Psychedelic wallpapers, bamboo stalk partitions and an iron red 40-foot granite bar set the stylish, contemporary mood of Denver’s most buzzed about restaurant opening – Epernay Lounge.
The ambiance of Epernay, located at 1080 14th St., is a union of oceanic themes, Japanese architecture and coastal club culture.
“I’ve got the club thing figured out,” David Schaich, Epernay’s interior designer and owner of (shike)design (www.shikedesign.com), said. “Went nightclubbing all over the country, out of the country. And, now, I’m more of a restaurant-foodie guy, so here’s an opportunity to combine a nice restaurant, bar and a club all into one space.”
The 5,000-square-foot “shotgun space,” and one-time Four Seasons showroom boasts a restaurant, raw sushi bar and dance club (for more menu details check out the Peculinarian).
The lounge décor reflects Epernay’s menu by renowned Chef Duy Pham – a fusion of Japanese and modern American cuisine that celebrates the melting pot that is the U.S.
AT A GLANCE
140: guests the space can accommodate
40: foot length of the granite slab bar
3: venues Epernay has combined into 1
7: days the design took to formulate
5,000: square footage of the space
6: clubs (shike)design has planned
THE CONCEPT BEHIND THE CURTAIN
Located in the heart of Denver’s Theater District, Epernay fulfills a need for the upscale and sophisticated, a breath of fresh air.
Drawing on marine imagery, his travels to Asia and the aesthetic beauty of a glass of bubbly, Schaich wanted to craft a space that was theatrical, much like the patrons who might be visiting it.
Featuring restaurant seating, a sushi lounge, a raw sushi bar, a dance floor and a 22-seat bar, Schaich had the challenge of creating flow in an elongated space containing multiple venues.
To do so he employed ivory sheer curtains for private parties, see-through bamboo partitions down the center of the space and ceiling details like a large Chaos fabric ring suspended above the dance area.
“I’m inspired by some of the things in New York and L.A.; I go to both cities a lot to stay abreast of the scene,” Schaich said. “I do what I can. I bring in the influence of the coasts to Denver. I’m an East Coast guy myself.”
The open floor plan Schaich accomplished gives an organic feel to the lounge – perfect to transition from dinner to drinks to dance. Food may be served throughout the space.
“You can go and spend the night in one place – you have three venues in one,” Schaich said.
The airiness of the space continues with the partially-open kitchen, which allows patrons and even passersby walking on 14th Street “to see the chefs in working action,” in the artistic process of making sushi, Schaich said.
Guests can be in the center of it all and eat sushi at cocktail tables, or they can get more intimate, order bottle service and chocolate-dipped strawberries, and rent a tall booth for their own little bubble.

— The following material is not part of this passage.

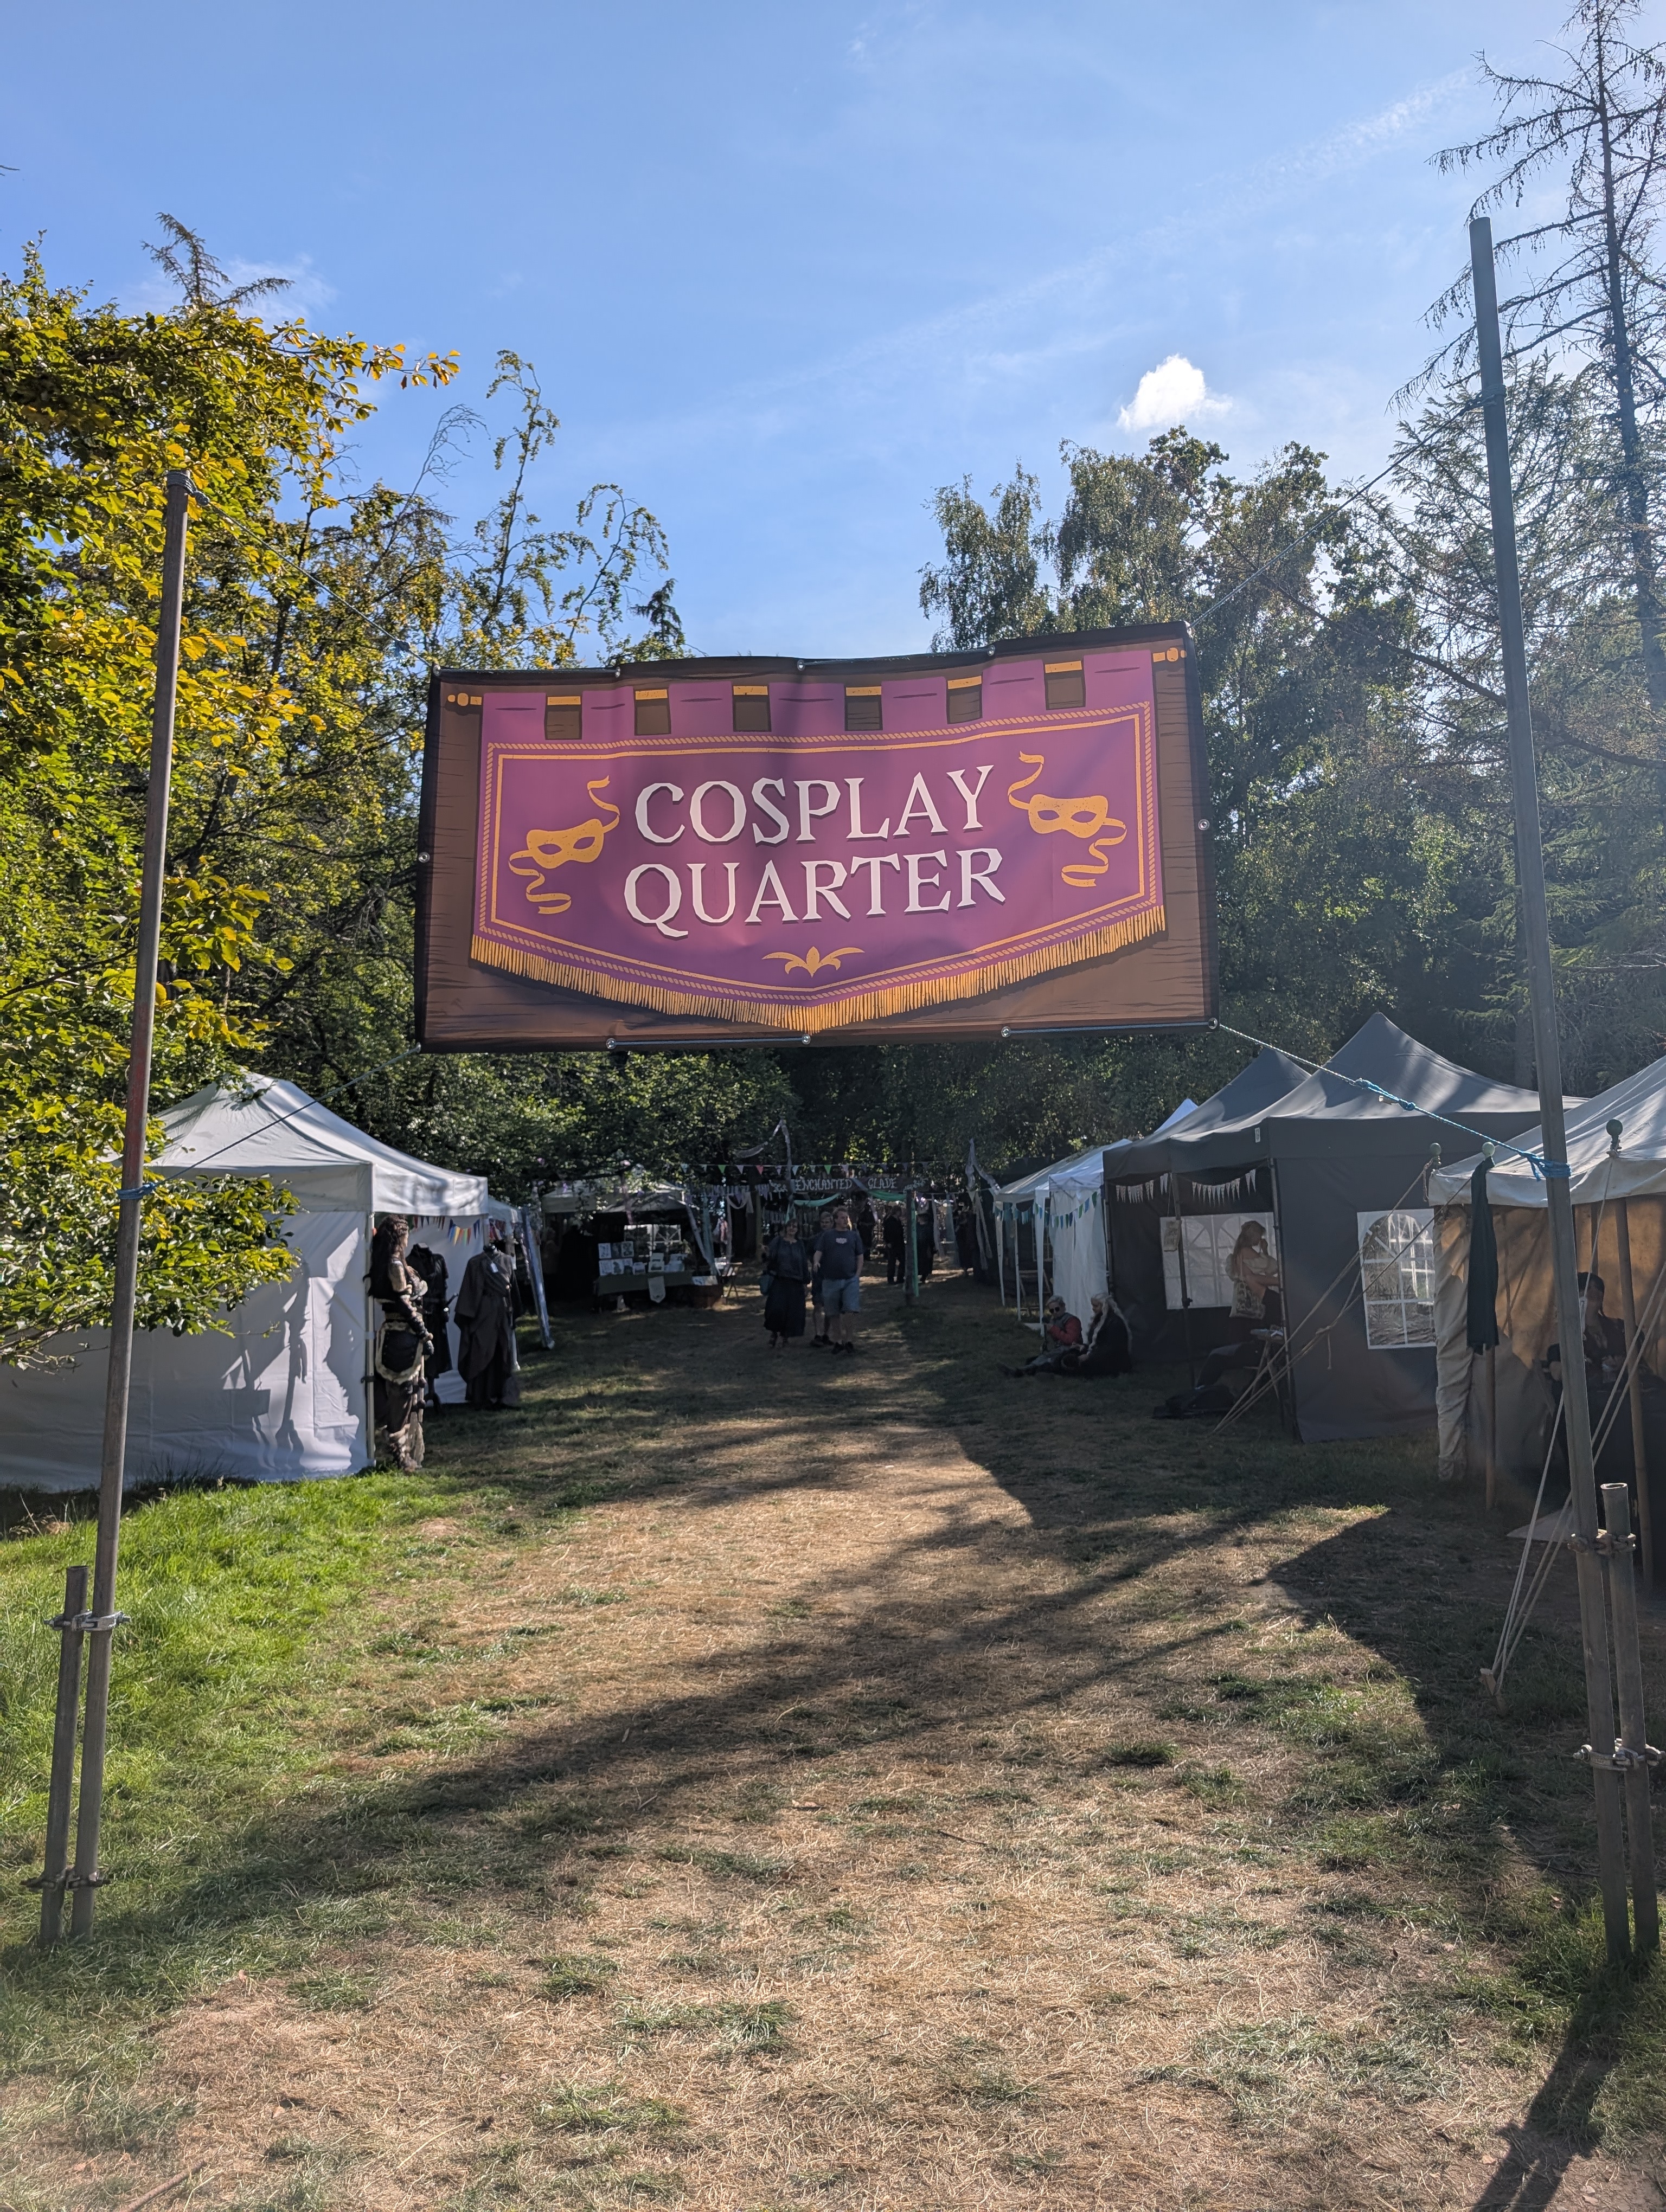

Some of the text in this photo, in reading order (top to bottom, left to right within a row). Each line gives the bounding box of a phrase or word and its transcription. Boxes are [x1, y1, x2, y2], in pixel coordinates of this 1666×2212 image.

The environment is conducive for any night out – a dinner date, a birthday with friends or a nightcap of Champagne or Sake after a show at The Denver Center for Performing Arts (Epernay boasts the largest Champagne and Sake menus in the city).
IT’S ALL IN THE DETAILS
The themes of Champagne (Epernay, the namesake, is located in the region of Champagne, France), Japanese motifs and the sea were incorporated into every minute detail.
From the outside, Champagne patterns are visible on the windows, which are covered in glittering frosted glass. Inside on the dance floor is a floor-to-ceiling abstract of red Champagne, glass globe lights that, yes, resemble bubbles, as well shimmering hanging teardrop pendant lights that look like, you guessed it, Champagne flutes.
Schaich wanted to touch on Japanese design, yet in an understated way. Japanese calligraphy chairs, a pergola and the bar’s soffit ceiling, covered in a glossy tin-like material with a floral motif, all contribute to an Asian-inspired feel.
From there, the waves take over. Recycled terracotta aquamarine roof tiles cover a wall creating an illusory swell, while 1970s-esque wallpapers in oceanic patterns and murals of underwater photographs cover the rest.
“I try to use reclaimed elements as much as I can in my projects,” Schaich said.
Epernay’s ultramodern, imaginative design is sure to please and should be much anticipated just as much as the cuisine itself.